Segment Start: INFORMATION GIVEN

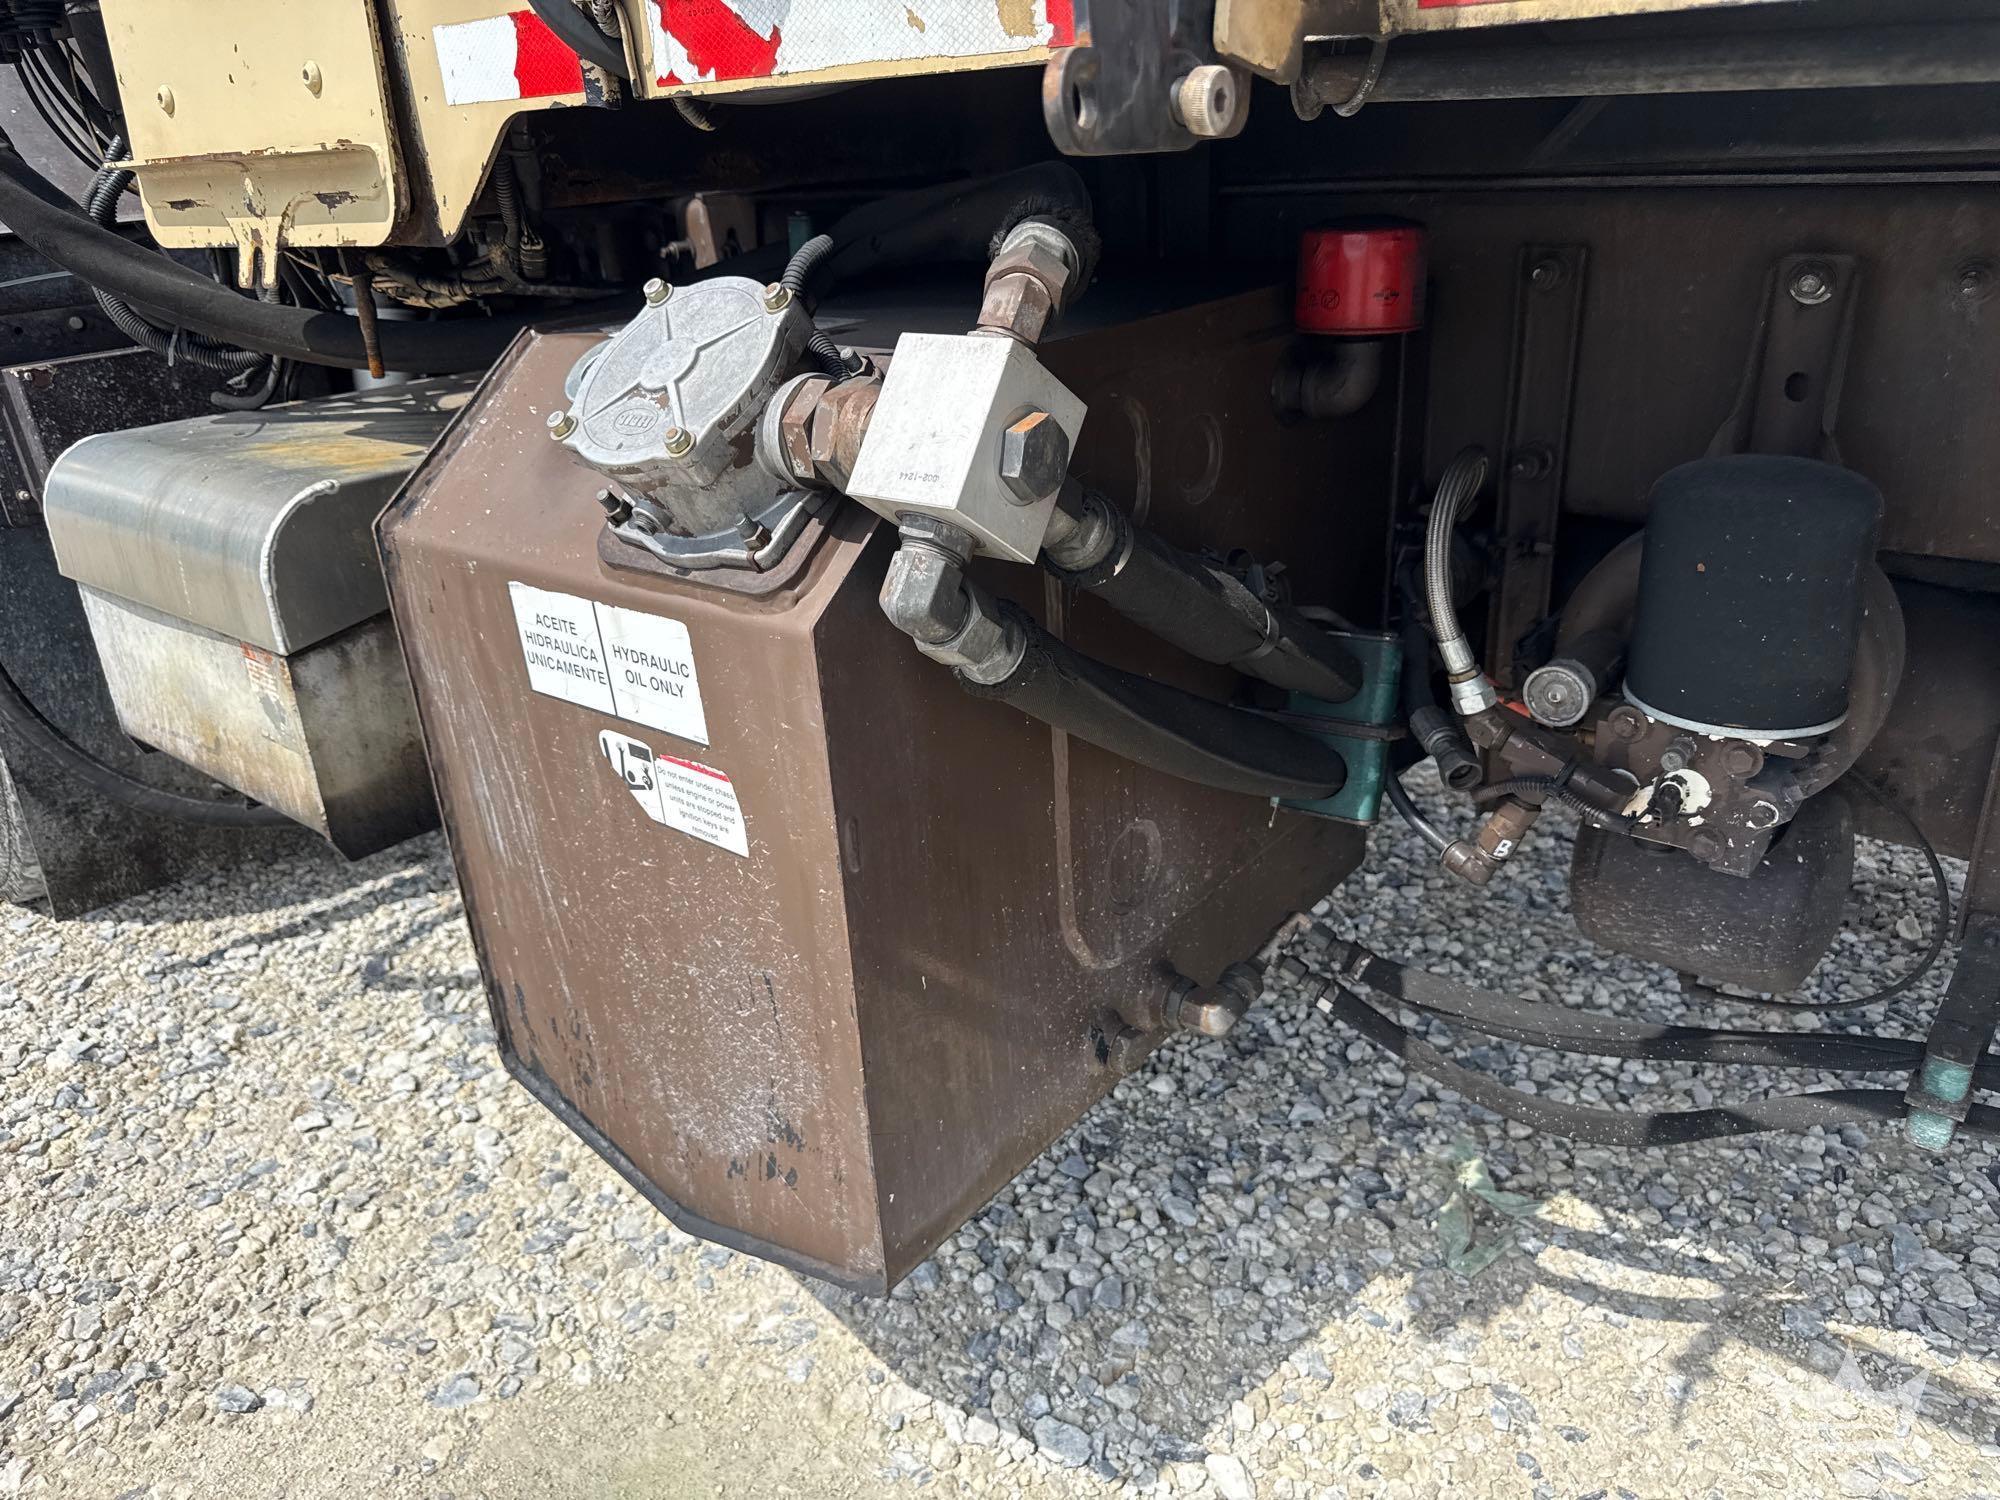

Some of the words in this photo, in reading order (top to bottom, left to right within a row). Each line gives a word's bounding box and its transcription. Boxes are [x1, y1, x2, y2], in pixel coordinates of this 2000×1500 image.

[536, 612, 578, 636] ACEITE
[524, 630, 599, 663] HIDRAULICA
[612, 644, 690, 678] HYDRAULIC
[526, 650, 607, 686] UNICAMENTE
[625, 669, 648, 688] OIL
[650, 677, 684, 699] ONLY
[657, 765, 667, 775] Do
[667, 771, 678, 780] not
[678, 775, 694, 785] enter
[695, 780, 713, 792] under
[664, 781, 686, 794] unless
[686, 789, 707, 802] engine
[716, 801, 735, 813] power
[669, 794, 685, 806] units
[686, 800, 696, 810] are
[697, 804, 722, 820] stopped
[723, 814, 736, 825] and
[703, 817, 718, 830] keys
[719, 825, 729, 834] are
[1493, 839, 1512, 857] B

Segment End: INFORMATION GIVEN

Leave the pictures behind and transcribe every record above exactly.

[TASK ANSWER]
Some of the words in this photo, in reading order (top to bottom, left to right within a row). Each line gives a word's bounding box and its transcription. Boxes are [x1, y1, x2, y2], in pixel coordinates of this 2000×1500 image.

[536, 612, 578, 636] ACEITE
[524, 630, 599, 663] HIDRAULICA
[612, 644, 690, 678] HYDRAULIC
[526, 650, 607, 686] UNICAMENTE
[625, 669, 648, 688] OIL
[650, 677, 684, 699] ONLY
[657, 765, 667, 775] Do
[667, 771, 678, 780] not
[678, 775, 694, 785] enter
[695, 780, 713, 792] under
[664, 781, 686, 794] unless
[686, 789, 707, 802] engine
[716, 801, 735, 813] power
[669, 794, 685, 806] units
[686, 800, 696, 810] are
[697, 804, 722, 820] stopped
[723, 814, 736, 825] and
[703, 817, 718, 830] keys
[719, 825, 729, 834] are
[1493, 839, 1512, 857] B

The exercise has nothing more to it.